In my guest posts, I have already examined some of the physical adaptations to exercise, but have neglected to explore the psychological adaptations to training. Training should be aimed to help you accomplish your goal. This means that psychological factors must be accounted for. Difficult training recalibrates your Rating of Perceived Exertion, builds confidence, and improves discipline among other things. Beyond this, you also need to be able to optimally utilize your physical performance gains. This is where visualization can help.

While training provides a stimulus for physical adaptation, it also improves your psychological tolerance to physical exertion. With training, the physical feeling of difficult training becomes commonplace. With enough exposure to this feeling, you no longer hate or fear hard work. You become indifferent to it, or curious about how hard you can really push yourself. When you are aware that your perception of exertion is not accurate, you can reset it properly. Resetting this perception can improve your performance instantly.

Having a high degree of physical ability builds confidence. Instead of fearing an event, an adequately trained person will show up ready to attack the event. Their improved confidence can lead to them doing harder events; events that will push them closer to their potential. They know that their physical and mental ability is equal to or greater than the demands of the event. Even if they don’t have the physical ability to be a top contender for the win, they know that they can grind it out, and the discomfort will be temporary.

Training is more than just workouts. It is doing what it takes to accomplish your goal. The ability to do something, not because it’s immediately fun, but because it is necessary for your long-term health/goal/well being is important for success. Waking up early to train, training when you would like to be drinking with friends, taking an ice shower after your training, and other sacrifices are improving your discipline. This improves your ability to take in a gel or drink when it’s the last thing you want to do. It improves your ability to stay in the race when things aren’t going how you planned.
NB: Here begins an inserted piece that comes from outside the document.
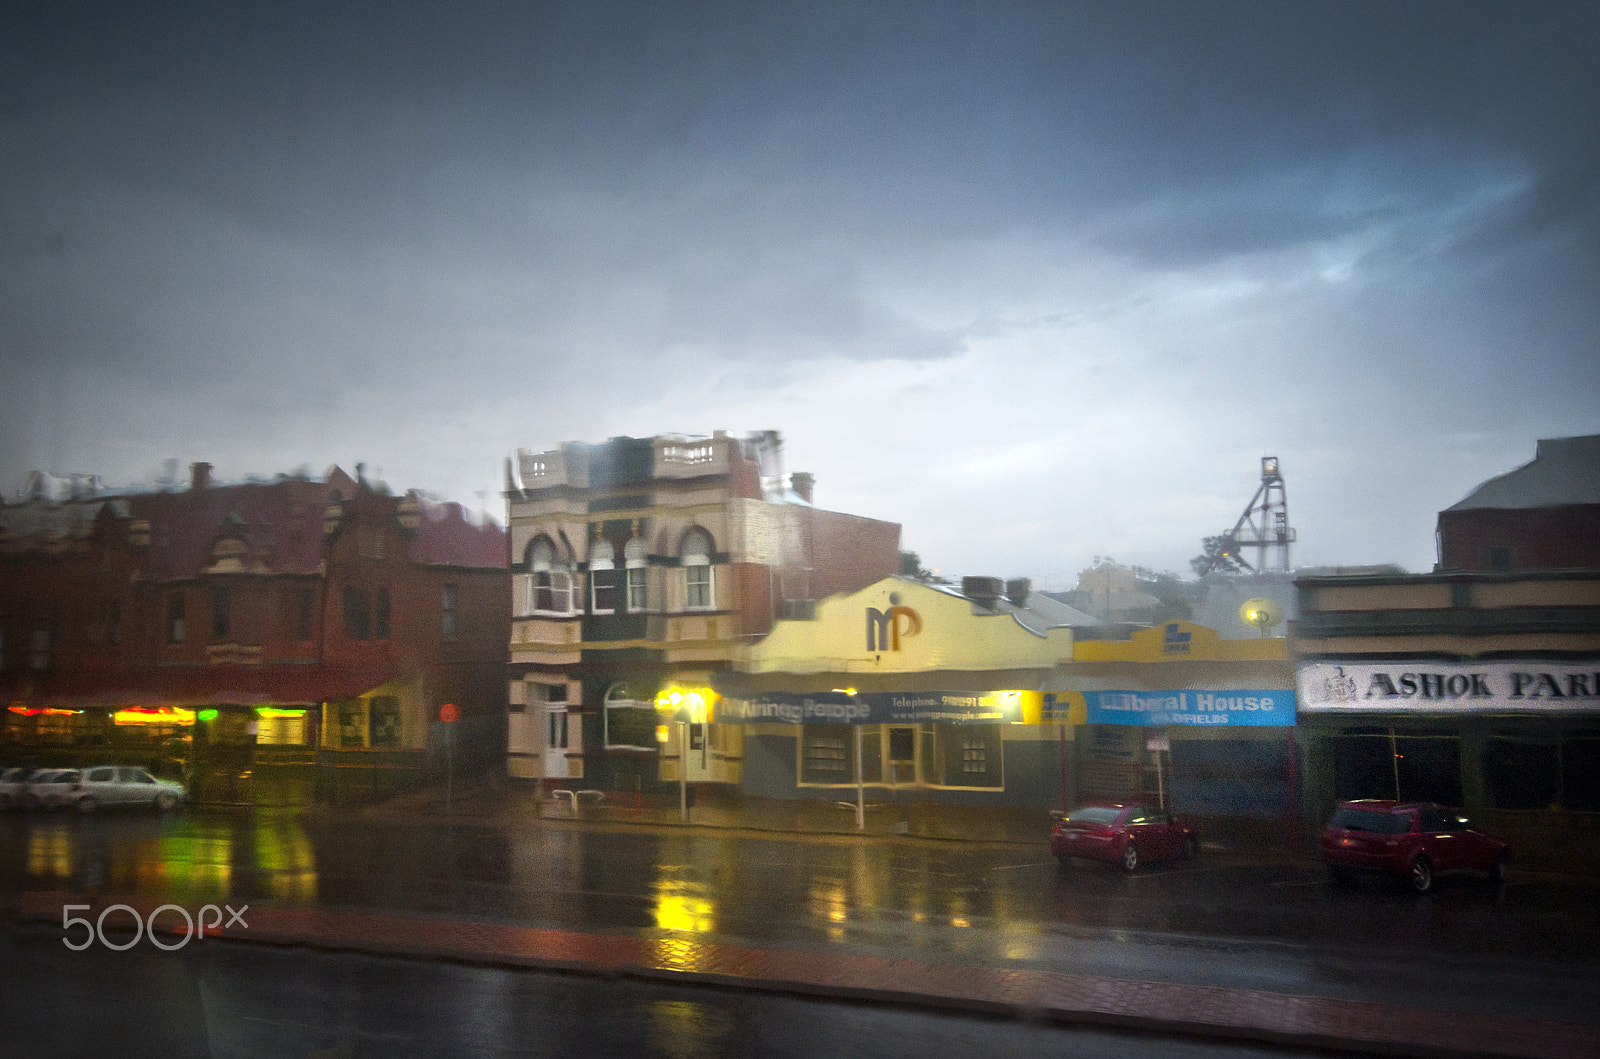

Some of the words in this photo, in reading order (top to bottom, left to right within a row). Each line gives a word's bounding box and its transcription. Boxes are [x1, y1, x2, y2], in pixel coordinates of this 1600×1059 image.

[1365, 673, 1495, 700] ASHOK
[1099, 692, 1187, 712] Liberal
[1197, 694, 1275, 711] House
This determination transfers from sports to your career, education and other potential challenges.

Finally, visualization is a useful skill to learn. It helps you capitalize on your physical and mental ability when it really counts. It can reduce nervousness prior to and during an event. Some research also suggests that visualizing success increases people’s motivation to train for their goals. It also transfers to non-athletic pursuits like public speaking, job interviews, etc.
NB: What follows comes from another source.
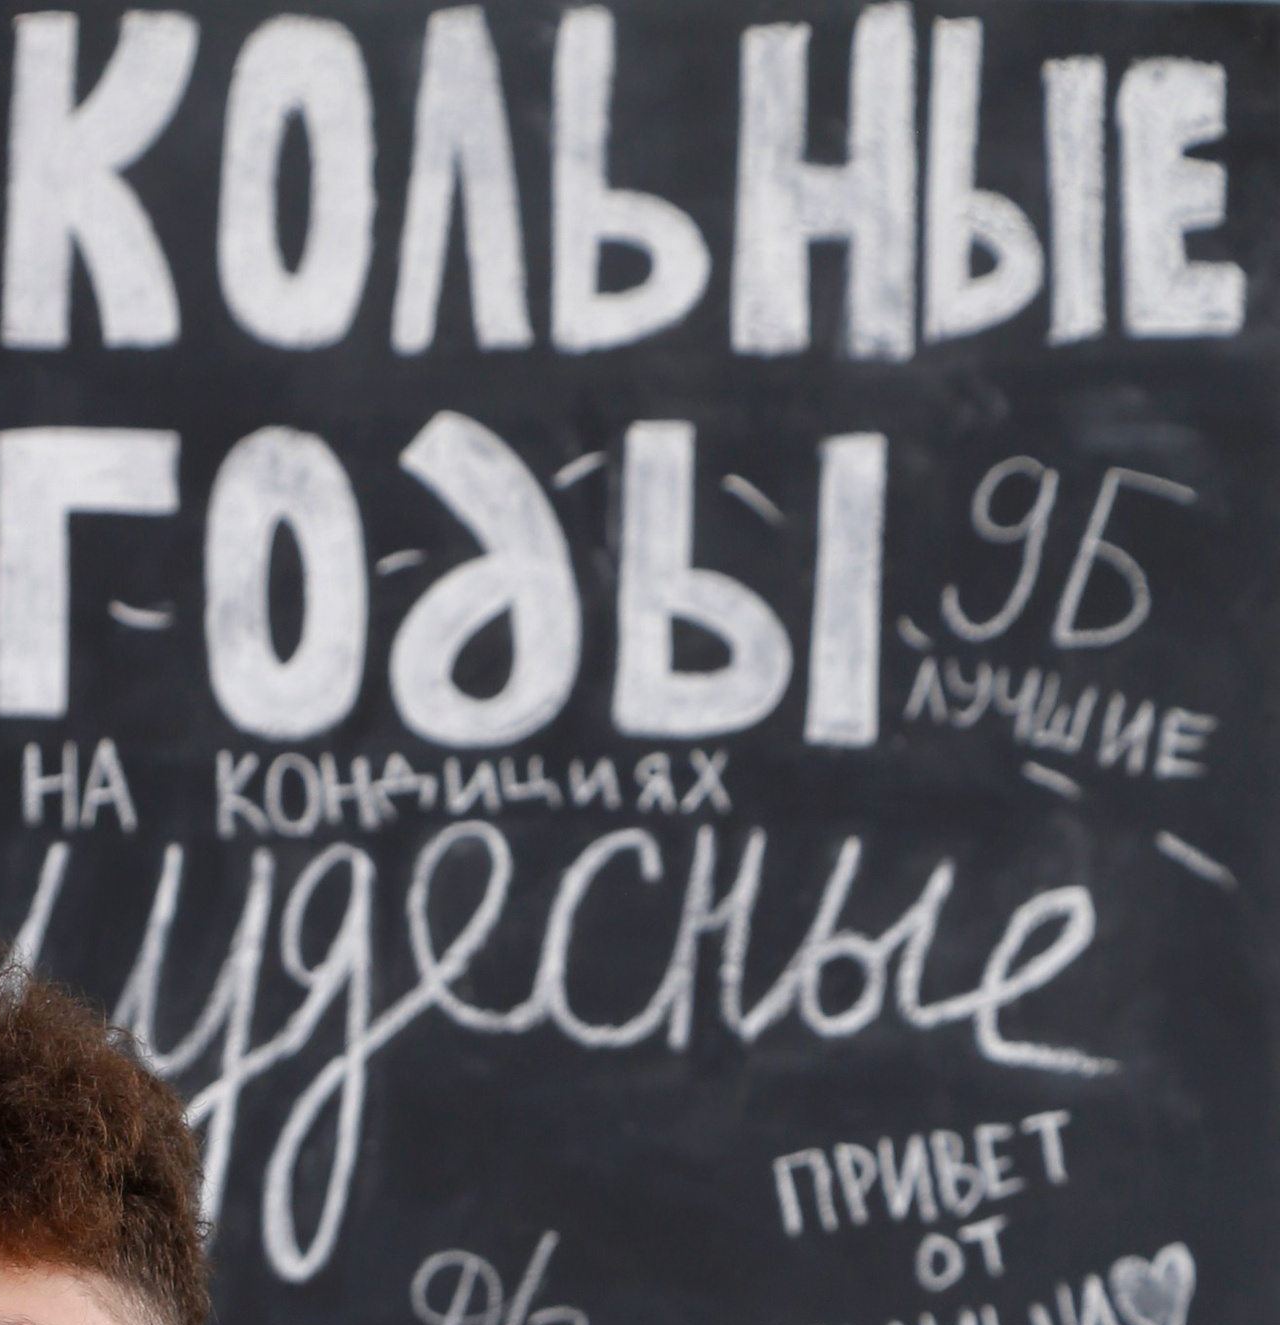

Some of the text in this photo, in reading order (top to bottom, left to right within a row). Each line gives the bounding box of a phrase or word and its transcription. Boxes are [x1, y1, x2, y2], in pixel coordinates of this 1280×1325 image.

[938, 453, 1198, 648] 9Б
[905, 656, 1222, 778] ЛУЧШИЕ
[22, 739, 732, 838] НА КОНДИЦИЯХ
[772, 1109, 1072, 1236] ПРИВЕТ
Visualization is essentially imagining success:

Start from the beginning of the event and imagine yourself being successful. Are you breathing hard, are you cold, are you staying hydrated? Including sights, sounds, smells, physical feelings, and other stimuli that you will experience during the event helps connect the visualization and the real event. Visualize success. If you start visualizing failure, start over from the beginning. Done properly, visualization will create a psychological imprint of success. The cool thing is that it tricks your subconscious into believing that you have already been there, done that, and been successful. Visualization reduces your subconscious negative self-talk. I have successfully used visualization prior to climbs on Mt. Hood. When I successfully use visualization I am able to climb more efficiently, and deal with dangerous situations more effectively. Many of my mountain experiences have served as powerful lessons in the importance of a trained mind.

The next time your training session seems impossible, remember that you can also look at it as psychological training. It is recalibrating your rate of perceived exertion, improving your discipline, and your success will breed improved confidence. You can also use training sessions to practice visualization. Visualize yourself crushing your workout beforehand; and again right before your final interval, pull up, or challenging exercise.